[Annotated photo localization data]
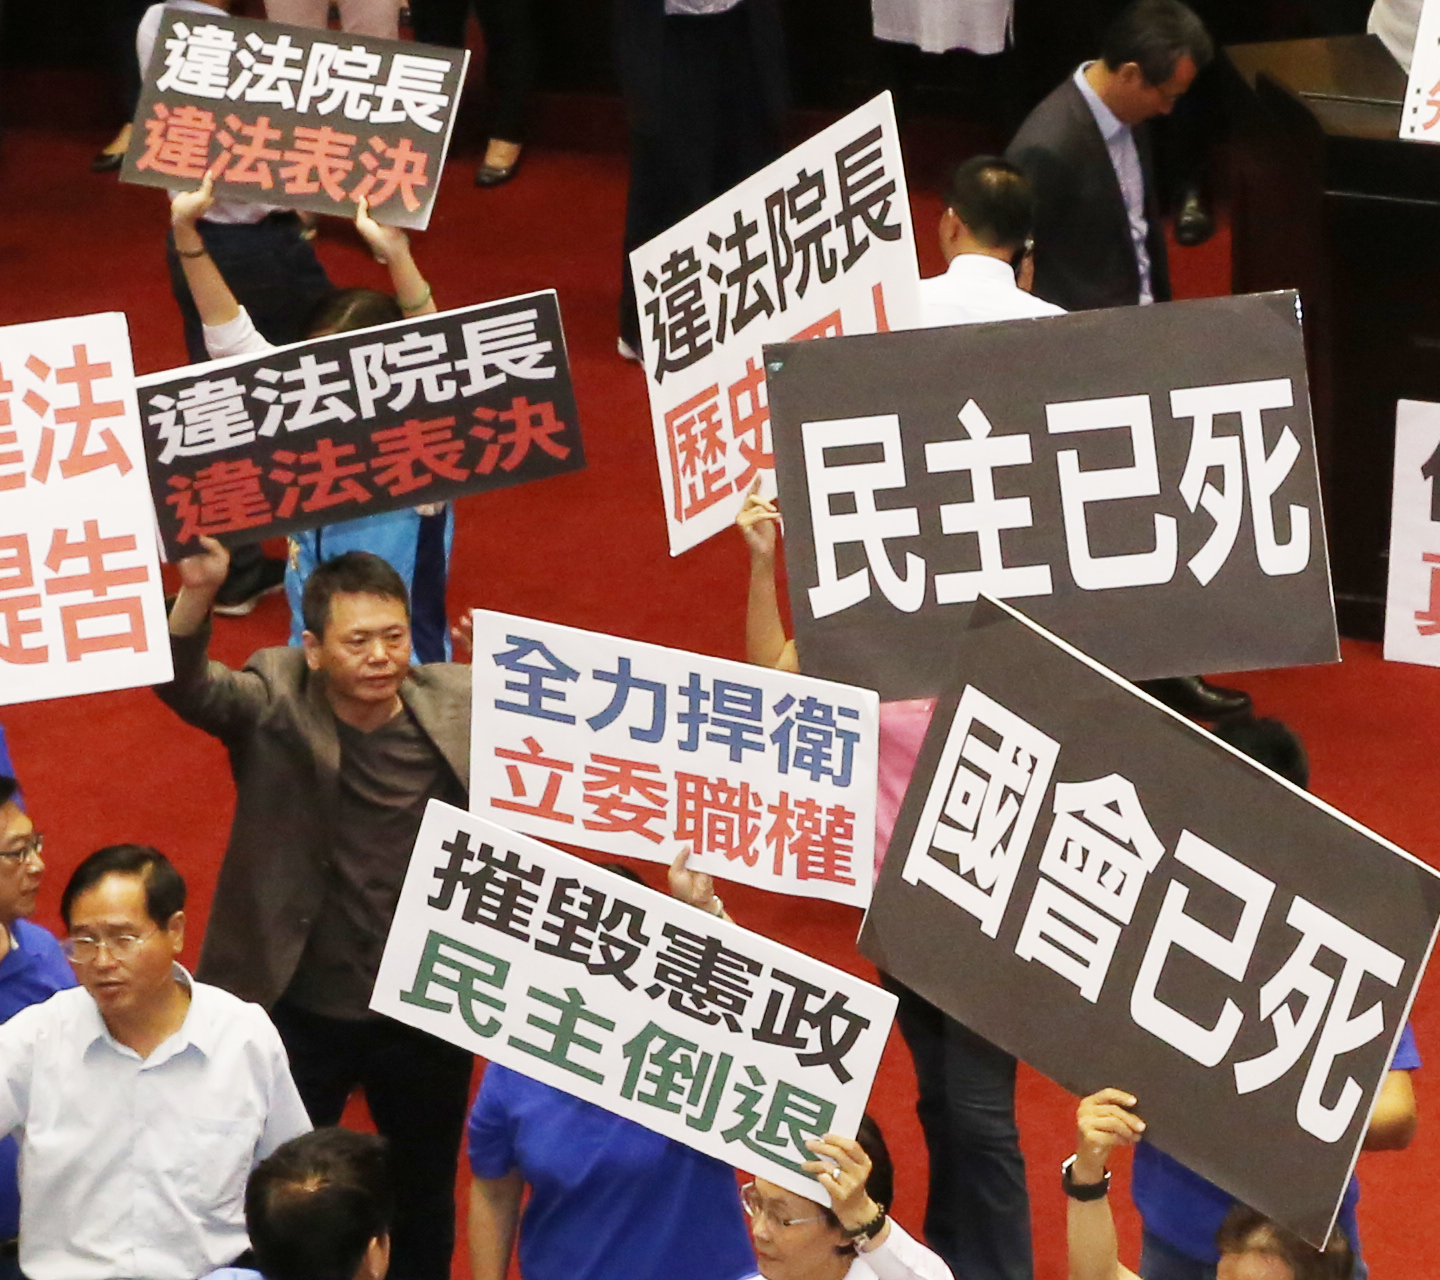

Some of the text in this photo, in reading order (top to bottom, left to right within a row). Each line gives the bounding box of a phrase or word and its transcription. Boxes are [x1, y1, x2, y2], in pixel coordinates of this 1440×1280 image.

[156, 21, 451, 132] 違法院長
[137, 103, 428, 214] 違法表決
[644, 125, 902, 386] 違法院長
[147, 308, 556, 464] 違法院長
[166, 396, 571, 545] 違法表決
[800, 378, 1311, 620] 民主已死
[492, 632, 861, 789] 全力捍衛
[489, 736, 858, 889] 立委職權
[424, 829, 872, 1085] 摧毀憲政
[900, 684, 1406, 1144] 國會已死
[399, 928, 841, 1172] 民主倒退
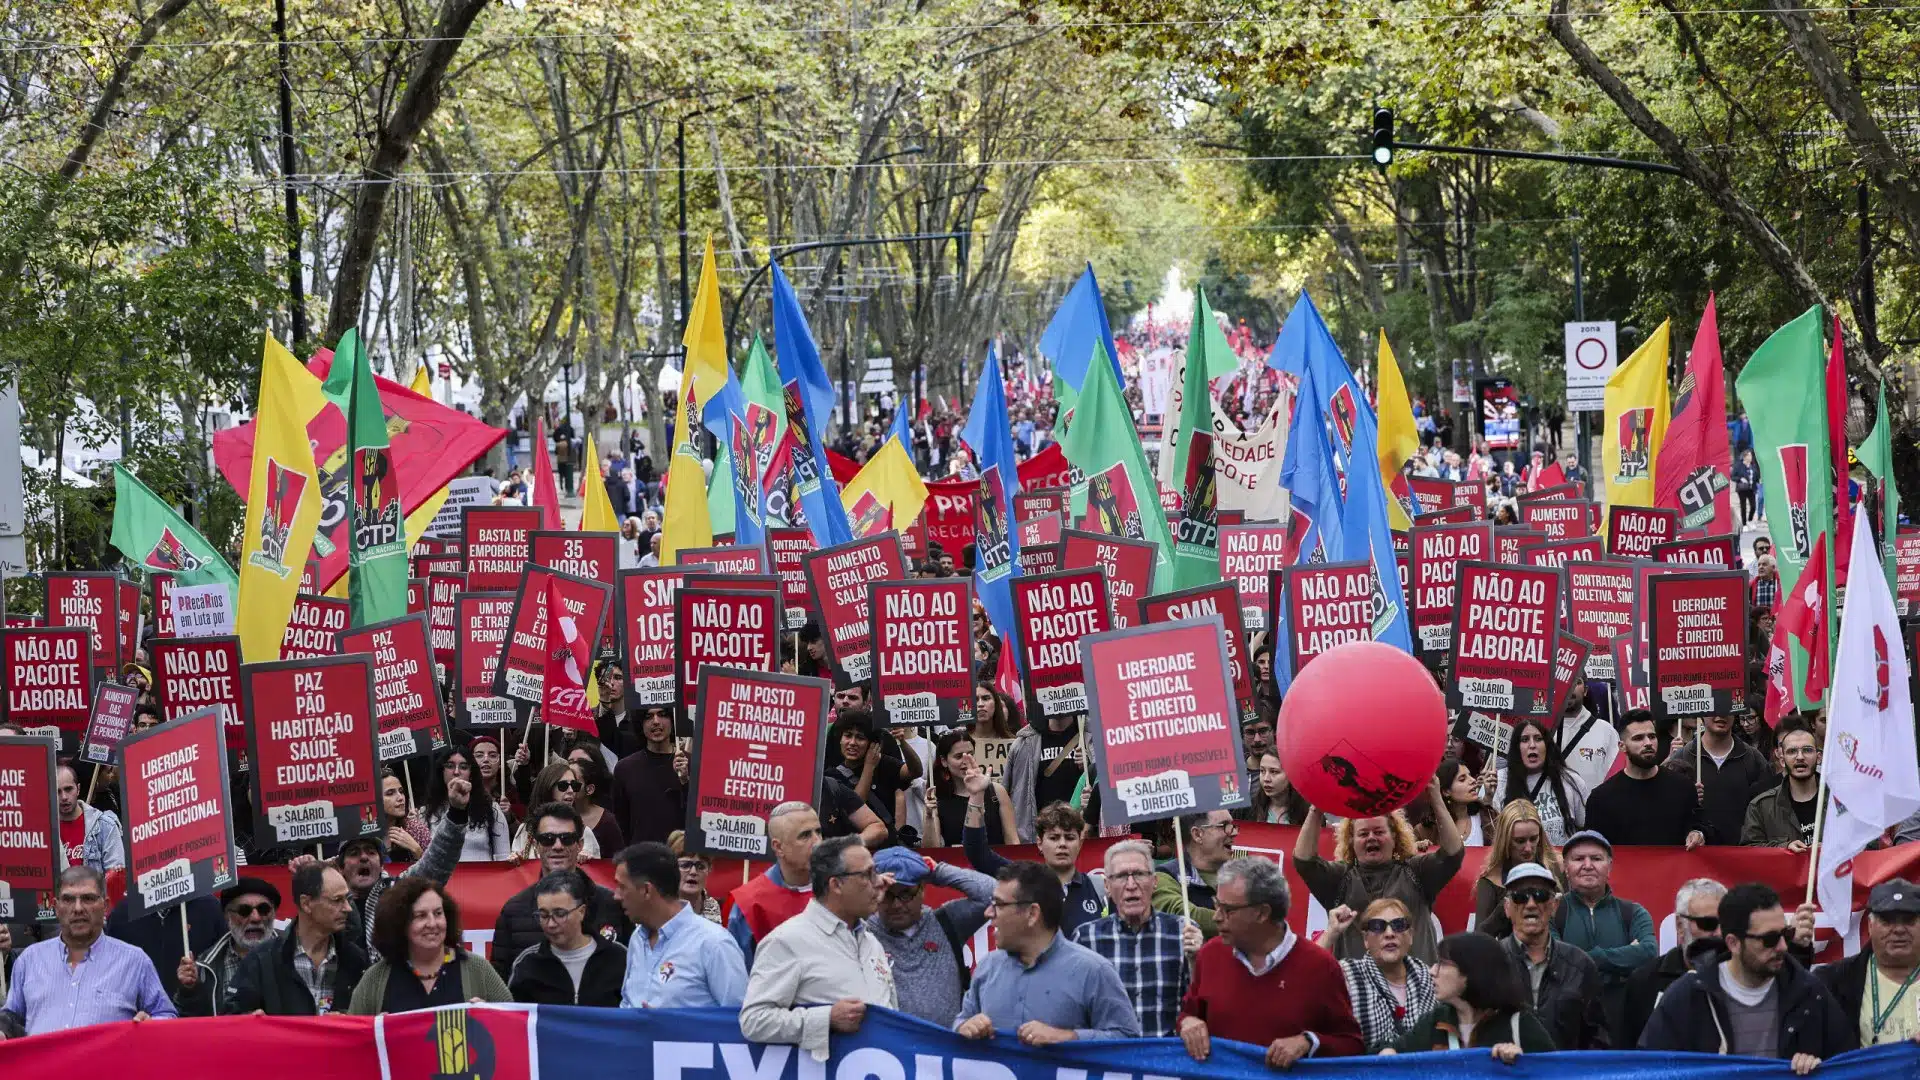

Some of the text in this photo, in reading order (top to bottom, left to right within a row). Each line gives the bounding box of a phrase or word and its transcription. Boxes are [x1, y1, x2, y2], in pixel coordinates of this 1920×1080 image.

[1024, 499, 1052, 510] DIREITO
[1456, 496, 1470, 506] DAS
[1530, 507, 1578, 522] AUMENTO
[1620, 512, 1666, 532] NÃO AO
[480, 529, 526, 542] BASTA DE
[1026, 524, 1039, 534] PAZ
[1545, 523, 1565, 536] DAS
[564, 540, 584, 558] 35
[1027, 534, 1040, 546] PÃO
[1228, 532, 1282, 552] NÃO AO
[1422, 534, 1456, 559] NÃO
[1459, 534, 1480, 556] AO
[1501, 539, 1518, 550] PAZ
[470, 544, 529, 558] EMPOBRECE
[827, 546, 881, 572] AUMENTO
[1096, 544, 1120, 561] PAZ
[1501, 550, 1518, 564] PÃO
[1535, 548, 1593, 568] NÃO AO
[1666, 548, 1724, 564] NÃO AO
[469, 560, 524, 573] A TRABALH
[550, 560, 598, 579] HORAS
[1226, 554, 1284, 573] PACOTE
[828, 562, 888, 590] GERAL DOS
[1573, 574, 1632, 590] CONTRATAÇÃO
[72, 579, 88, 596] 35
[434, 579, 449, 604] NÃO
[788, 581, 806, 594] NÃO!
[1301, 572, 1370, 600] NÃO AO
[1472, 572, 1544, 606] NÃO AO
[178, 593, 224, 611] PRecáRios
[886, 590, 956, 618] NÃO AO
[1027, 581, 1094, 614] NÃO AO
[1572, 588, 1634, 604] COLETIVA, SIM!
[1672, 597, 1727, 614] LIBERDADE
[60, 597, 102, 615] HORAS
[479, 602, 514, 615] UM POS
[692, 599, 762, 629] NÃO AO
[1302, 600, 1374, 628] PACOTE
[65, 616, 98, 632] PARA
[180, 612, 225, 628] em Luta por
[289, 602, 345, 630] NÃO AO
[471, 616, 483, 628] DE
[1030, 608, 1100, 642] PACOTE
[1468, 604, 1544, 634] PACOTE
[1578, 610, 1633, 626] CADUCIDADE,
[1677, 614, 1722, 628] SINDICAL
[636, 613, 675, 642] 105
[886, 620, 960, 648] PACOTE
[1597, 626, 1617, 638] NÃO!
[1677, 628, 1724, 644] É DIREITO
[372, 630, 394, 648] PAZ
[691, 632, 764, 658] PACOTE
[1459, 632, 1548, 664] LABORAL
[15, 636, 50, 662] NÃO
[55, 638, 78, 660] AO
[376, 647, 397, 665] PÃO
[1658, 644, 1740, 661] CONSTITUCIONAL
[164, 648, 228, 676] NÃO AO
[880, 649, 968, 676] LABORAL
[1117, 652, 1196, 680] LIBERDADE
[1589, 656, 1612, 668] SALÁRIO
[14, 663, 80, 687] PACOTE
[294, 672, 323, 692] PAZ
[167, 676, 233, 702] PACOTE
[376, 678, 410, 700] SAÚDE
[731, 683, 795, 706] UM POSTO
[1048, 688, 1078, 700] SALÁRIO
[1127, 674, 1193, 700] SINDICAL
[1472, 682, 1504, 695] SALÁRIO
[1674, 688, 1704, 700] SALÁRIO
[10, 687, 88, 712] LABORAL
[104, 690, 132, 704] AUMENTO
[296, 692, 325, 715] PÃO
[376, 693, 424, 718] DUCAÇÃO
[478, 699, 507, 710] SALÁRIO
[897, 696, 929, 708] SALÁRIO
[1053, 699, 1086, 711] DIREITOS
[1474, 694, 1509, 707] DIREITOS
[1677, 700, 1710, 712] DIREITOS
[109, 704, 120, 714] DAS
[480, 712, 512, 722] DIREITOS
[718, 701, 805, 727] DE TRABALHO
[902, 708, 936, 720] DIREITOS
[1128, 694, 1196, 721] É DIREITO
[97, 713, 128, 732] REFORMAS
[271, 713, 354, 740] HABITAÇÃO
[1106, 712, 1226, 746] CONSTITUCIONAL
[94, 726, 124, 740] E PENSÕES
[378, 732, 406, 748] SALÁRIO
[716, 720, 804, 746] PERMANENTE
[290, 735, 338, 762] SAÚDE
[382, 742, 413, 758] DIREITOS
[142, 744, 200, 780] LIBERDADE
[729, 758, 784, 782] VÍNCULO
[1114, 762, 1144, 776] OUTRO
[1145, 758, 1170, 772] RUMO
[1182, 748, 1228, 766] POSSÍVEL!
[277, 759, 355, 786] EDUCAÇÃO
[148, 770, 196, 797] SINDICAL
[724, 778, 784, 801] EFECTIVO
[1134, 776, 1179, 796] SALÁRIO
[148, 784, 198, 816] É DIREITO
[1142, 793, 1189, 812] DIREITOS
[132, 798, 220, 844] CONSTITUCIONAL
[284, 805, 325, 823] SALÁRIO
[290, 821, 333, 837] DIREITOS
[716, 818, 756, 834] SALÁRIO
[718, 835, 761, 851] DIREITOS
[150, 865, 183, 888] SALÁRIO
[154, 880, 190, 900] DIREITOS

→ What the task requires: Wherever a line in the records above includes "LABORAL", count it, then give the total and nothing besides.

→ Final answer: 3